To minimize counterparty risk to traders, trades executed on regulated futures exchanges are guaranteed by a clearing house. The clearing house becomes the buyer to each seller, and the seller to each buyer, so that in the event of a counterparty default the clearer assumes the risk of loss. This enables traders to transact without performing due diligence on their counterparty.

Margin requirements are waived or reduced in some cases for hedgers who have physical ownership of the covered commodity or spread traders who have offsetting contracts balancing the position.

Clearing margin are financial safeguards to ensure that companies or corporations perform on their customers' open futures and options contracts. Clearing margins are distinct from customer margins that individual buyers and sellers of futures and options contracts are required to deposit with brokers.

Customer margin Within the futures industry, financial guarantees required of both buyers and sellers of futures contracts and sellers of options contracts to ensure fulfillment of contract obligations. Futures Commission Merchants are responsible for overseeing customer margin accounts. Margins are determined on the basis of market risk and contract value. Also referred to as performance bond margin.

Initial margin is the equity required to initiate a futures position. This is a type of performance bond. The maximum exposure is not limited to the amount of the initial margin, however, the initial margin requirement is calculated based on the maximum estimated change in contract value within a trading day. The initial margin is set by the exchange.

If a position involves an exchange-traded product, the amount or percentage of the initial margin is set by the exchange concerned.

In case of loss or if the value of the initial margin is being eroded, the broker will make a margin call in order to restore the amount of initial margin available. Often referred to as "variation margin", margin called, for this reason, is usually done on a daily basis, however, in times of high volatility, a broker can make a margin call intra-day.

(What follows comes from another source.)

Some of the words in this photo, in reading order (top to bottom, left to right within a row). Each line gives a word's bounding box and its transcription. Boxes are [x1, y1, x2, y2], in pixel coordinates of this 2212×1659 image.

Margin calls are usually expected to be paid and received on the same day. If not, the broker has the right to close sufficient positions to meet the amount called by way of margin. After the position is closed out the client is liable for any resulting deficit in the client's account.

Some U.S. exchanges also use the term "maintenance margin", which in effect defines how much the value of the initial margin can reduce before a margin call is made. However, most non-US brokers only use the term "initial margin" and "variation margin".

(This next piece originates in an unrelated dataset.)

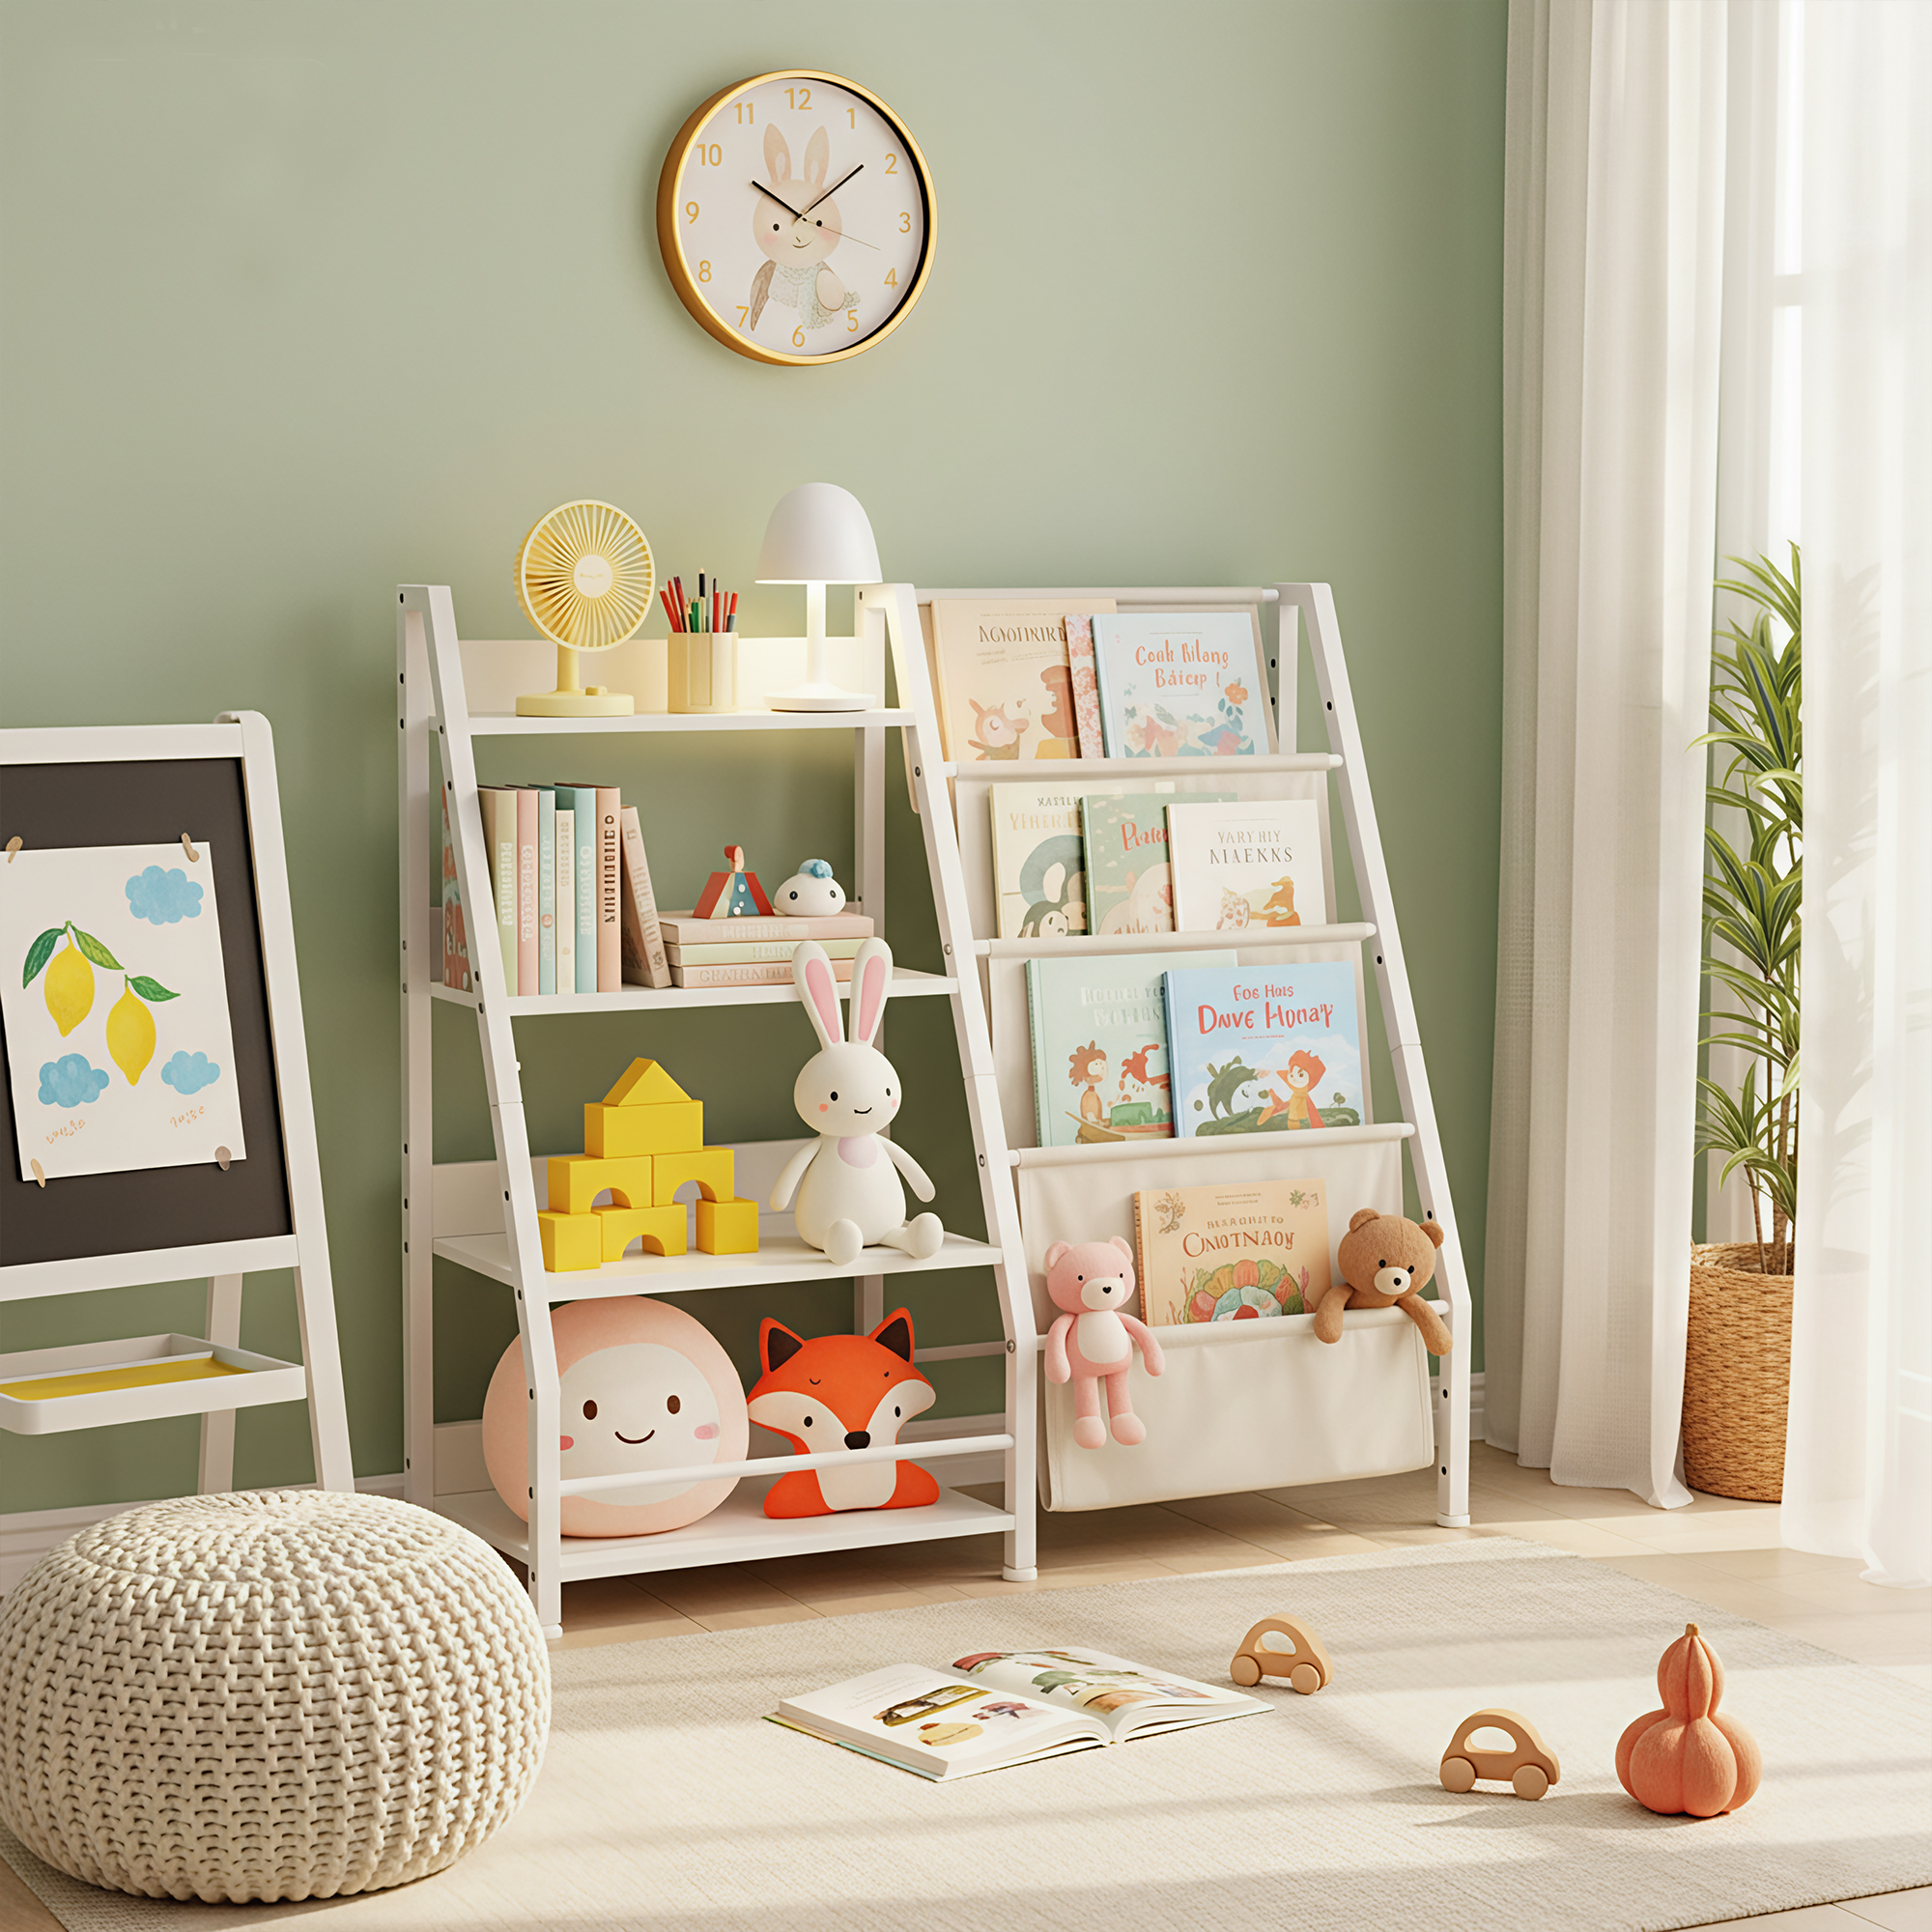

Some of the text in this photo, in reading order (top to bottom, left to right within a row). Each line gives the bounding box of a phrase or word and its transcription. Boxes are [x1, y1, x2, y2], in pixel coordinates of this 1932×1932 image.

The Initial Margin requirement is established by the Futures exchange, in contrast to other securities' Initial Margin (which is set by the Federal Reserve in the U.S. Markets).

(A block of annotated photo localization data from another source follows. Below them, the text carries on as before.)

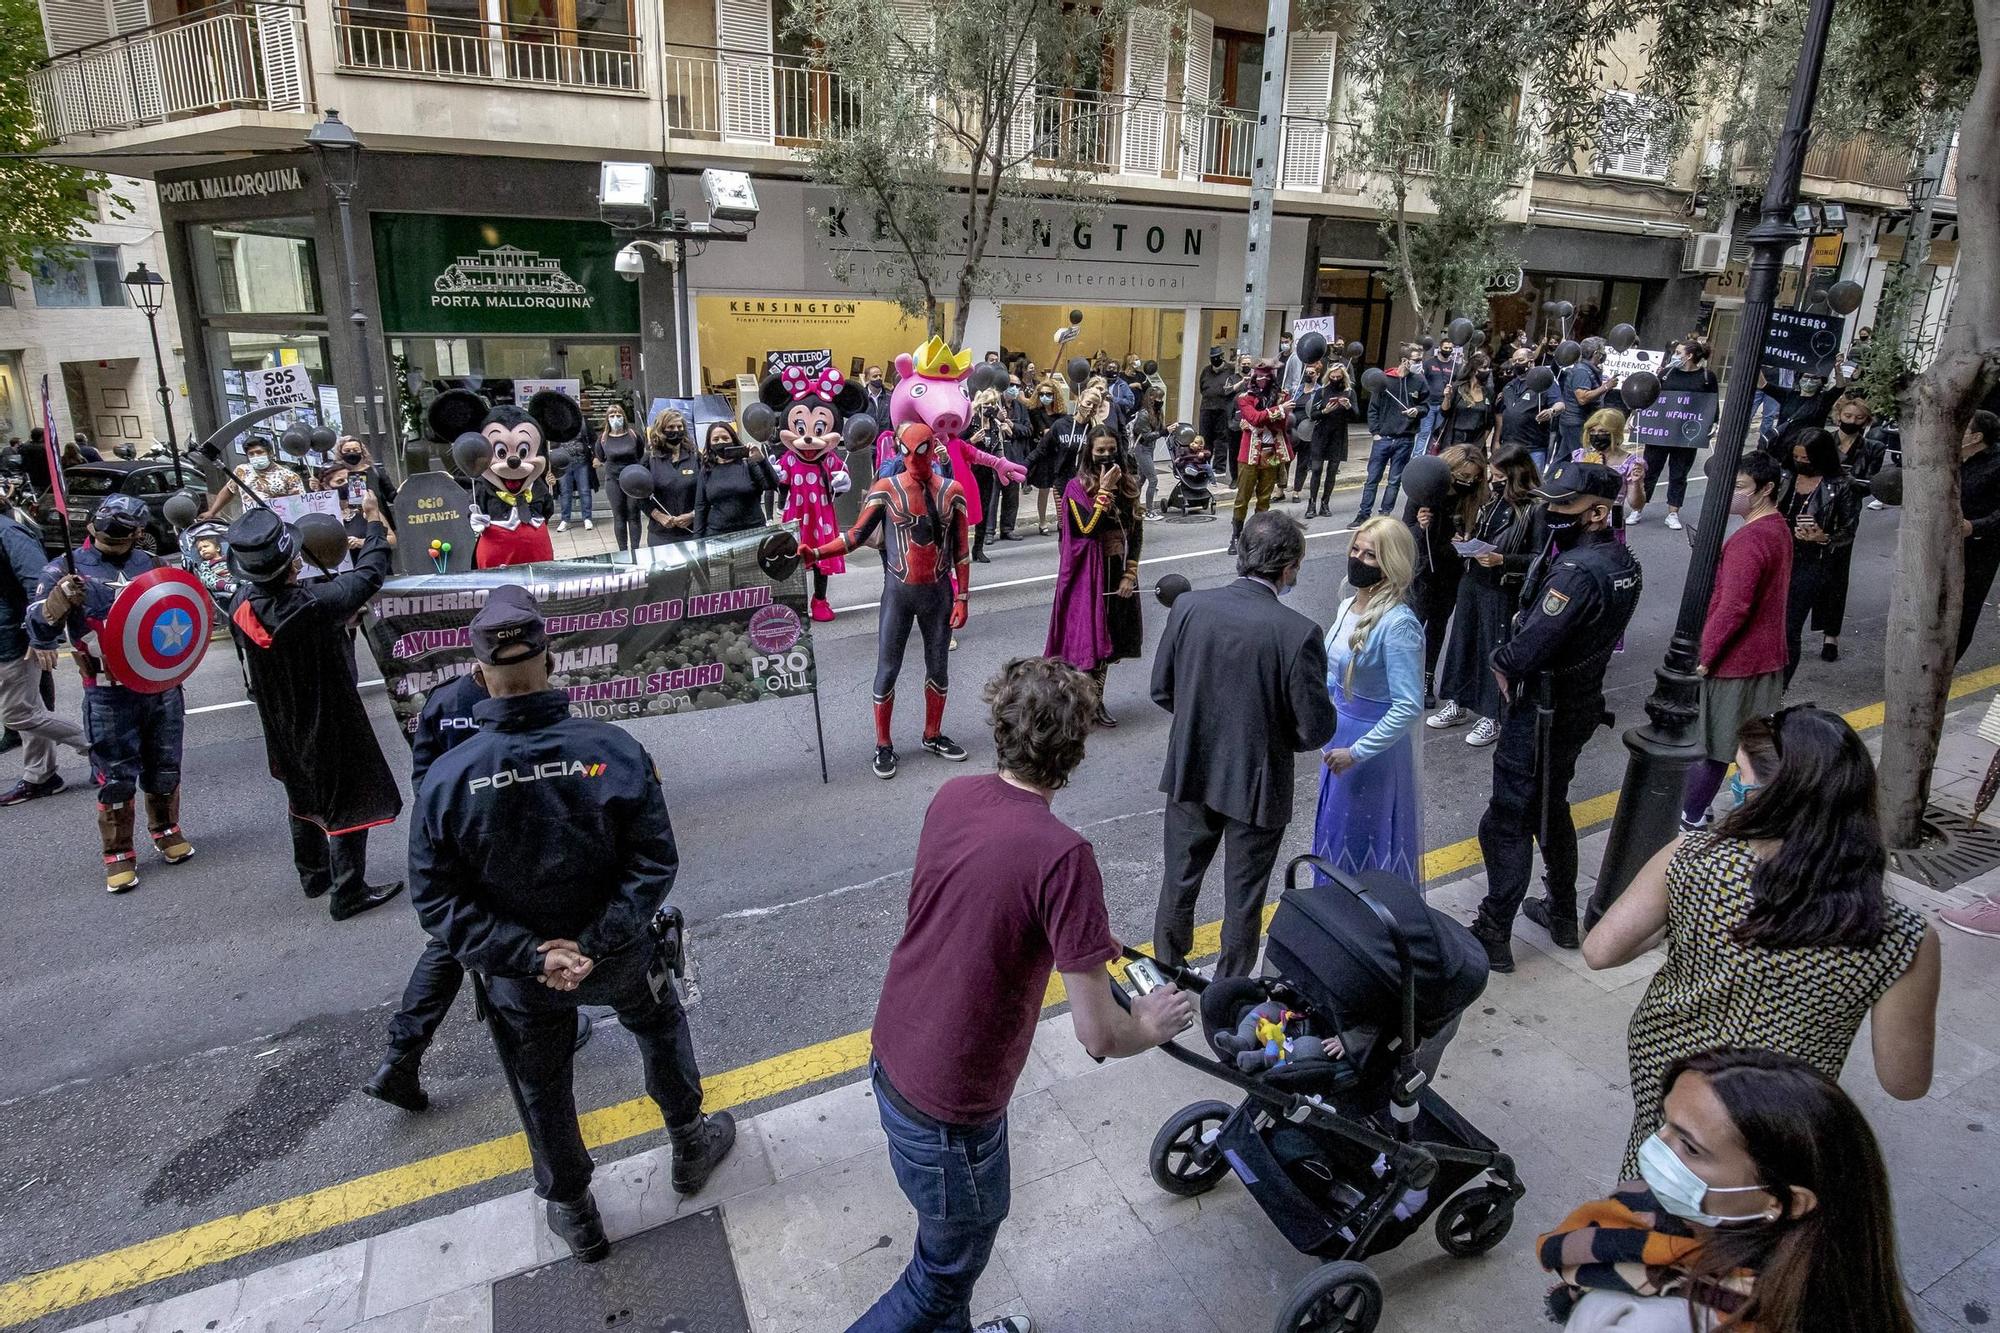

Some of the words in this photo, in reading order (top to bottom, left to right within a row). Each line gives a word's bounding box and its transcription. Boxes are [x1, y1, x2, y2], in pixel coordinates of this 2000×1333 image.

[159, 180, 200, 203] PORTA
[200, 167, 303, 199] MALLORQUINA
[1056, 271, 1185, 289] International
[431, 295, 480, 307] PORTA
[486, 296, 591, 308] MALLORQUINA
[730, 301, 855, 314] KENSINGTON
[1294, 319, 1329, 331] AYUDAS
[1772, 312, 1827, 329] ENTIERRO
[1770, 329, 1789, 338] CIO
[1607, 347, 1630, 357] SOO
[1765, 346, 1807, 364] NFANTIL
[802, 365, 815, 377] IO
[1603, 359, 1651, 371] QUEREMOS
[263, 369, 296, 386] SOS
[301, 491, 332, 503] MAGIC
[374, 589, 489, 618] #ENTIERRO
[557, 569, 649, 600] INFANTIL
[393, 627, 474, 659] #AYUDA
[544, 609, 628, 634] CIFICAS
[633, 599, 683, 625] OCIO
[687, 585, 774, 617] INFANTIL
[496, 628, 522, 639] CNP
[751, 651, 808, 679] PRO
[646, 663, 725, 694] SEGURO
[571, 694, 691, 719] allorca.com
[440, 717, 480, 731] POL
[468, 759, 588, 796] POLICIA

A futures account is marked to market daily. If the margin drops below the margin maintenance requirement established by the exchange listing the futures, a margin call will be issued to bring the account back up to the required level.

Maintenance margin A set minimum margin per outstanding futures contract that a customer must maintain in their margin account.

Margin-equity ratio is a term used by speculators, representing the amount of their trading capital that is being held as margin at any particular time. The low margin requirements of futures results in substantial leverage of the investment. However, the exchanges require a minimum amount that varies depending on the contract and the trader. The broker may set the requirement higher, but may not set it lower. A trader, of course, can set it above that, if he does not want to be subject to margin calls.

Performance bond margin The amount of money deposited by both a buyer and seller of a futures contract or an options seller to ensure the performance of the term of the contract. Margin in commodities is not a payment of equity or down payment on the commodity itself, but rather it is a security deposit.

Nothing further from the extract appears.